Il s’agit là de questionnements et d’inquiétudes légitimes, de décisions essentielles que nous devons prendre pour la suite des choses. Mais l’industrie pétrochimique n’est pas une industrie comme les autres. Le pétrole est ce qu’on appelle un « super-intrant ». C’est-à-dire qu’il y a du pétrole dans à peu près tout ce que nous consommons. Non pas physiquement, je vous rassure: les tomates que vous achetez au supermarché, toutes pétries d’OGM qu’elles soient, ne contiennent pas de trace d’or noir en leur chair. En revanche, pour les acheminer du producteur maraîcher à votre supermarché ou à la fruiterie du coin, l’utilisation du pétrole interviendra nécessairement dans la chaine de valeur, ne serait-ce que pour transporter par camion ces légumes du champ où ils sont cueillis jusqu’au point de vente. Sans compter son utilisation en amont: pour transporter les travailleurs aux champs ou les semences et les engrais.

Le même air – sinon la même chanson – se répète pour tous les biens et services que nous consommons: de votre comptable qui vous visite et vous décharge de votre pile de factures aux romans qui bercent vos loisirs en passant par ce voyage fabuleux que vous faites avec votre petite famille à Tadoussac, Paris ou Fort Lauderdale.
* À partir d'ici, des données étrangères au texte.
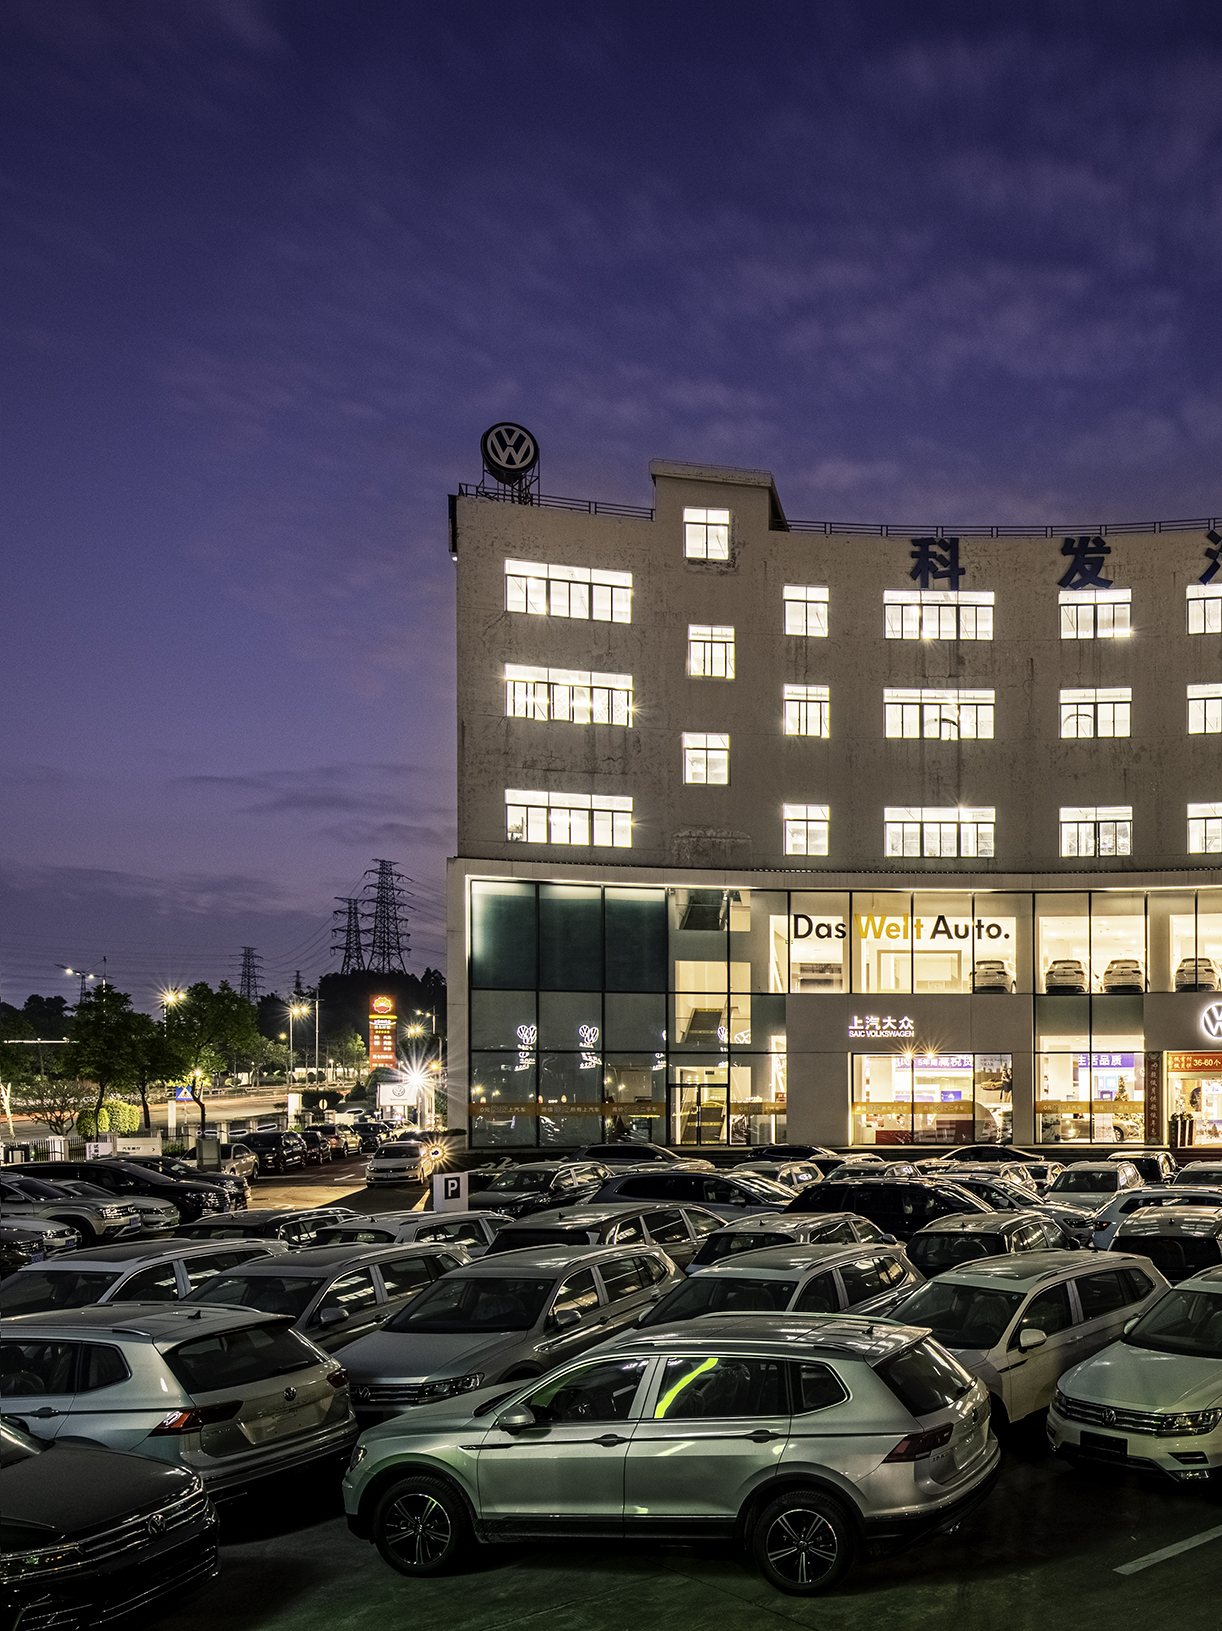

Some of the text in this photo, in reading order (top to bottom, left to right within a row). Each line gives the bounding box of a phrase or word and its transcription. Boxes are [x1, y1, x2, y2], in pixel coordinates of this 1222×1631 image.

Notre dépendance au pétrole demeure complète. S’en affranchir implique une transformation radicale de l’organisation de notre vie matérielle et économique (voyez ces ouvrages dont j’ai parlé ou le nouveau blogue de mon collègue au Voir Philippe Gauthier sur ces questions). Cet affranchissement passera nécessairement par une remise en question du pouvoir économique des géants de l’industrie.

Afin de se donner une idée de leur poids, il suffit d’examiner la liste des très grandes entreprises de la planète. Sur les 50 plus importantes d’entre elles (en termes de revenu) 17 entreprises liées au pétrole et au gaz accaparent près de la moitié (44%) du chiffre du chiffre d’affaires de ces « cinquante barons » – pour plus de 4 000 milliards de dollars de revenus par année. À titre de comparaison, il s’agit là de la moitié de la production économique totale de la Chine, et près de deux fois et demi celle du Canada. On estime que la production et l’exploitation du pétrole contribue à hauteur de 5% de la production économique mondiale.

Le graphique suivant illustre le poids démesuré de l’industrie pétrolière mondiale au sein de ce groupe « sélect » des 50 plus grandes entreprises – qui pèsent pour 13,3% dans l’économie mondiale. Dans le top-10 des plus grandes entreprises au monde, il y a 6 sociétés pétrolifères (Exxon, Shell, Sinopec, BP, China National Petroleum Corp., Saudi Aramco), générant à elles seules plus de 2 500 milliards de dollars de chiffre d’affaires par année – et employant 1 168 900 personnes.

Face à cette réalité, comment peut-on en arriver à nous départir radicalement de notre dépendance au pétrole? Nous sommes en présence d’une des industries les plus puissantes au monde – sinon la plus puissante, en tous cas la plus névralgique – qui n’abandonnera pas sa position de pouvoir économique pour des considérations de viabilité économique et écologique à long terme. Je n’ai évidemment pas de réponse simple à cette question. Mais j’ai l’impression que face aux questionnements existentiels et aux indignations face à l’industrie pétrolière, on oublie un peu trop rapidement ces considérations essentielles. Le pouvoir économique ne se cède pas plus facilement que n’importe quel autre pouvoir; bien moins aisément, probablement.

Source des données: Banque mondiale, Fonds monétaire international, IBIS World, Fortune Global 500.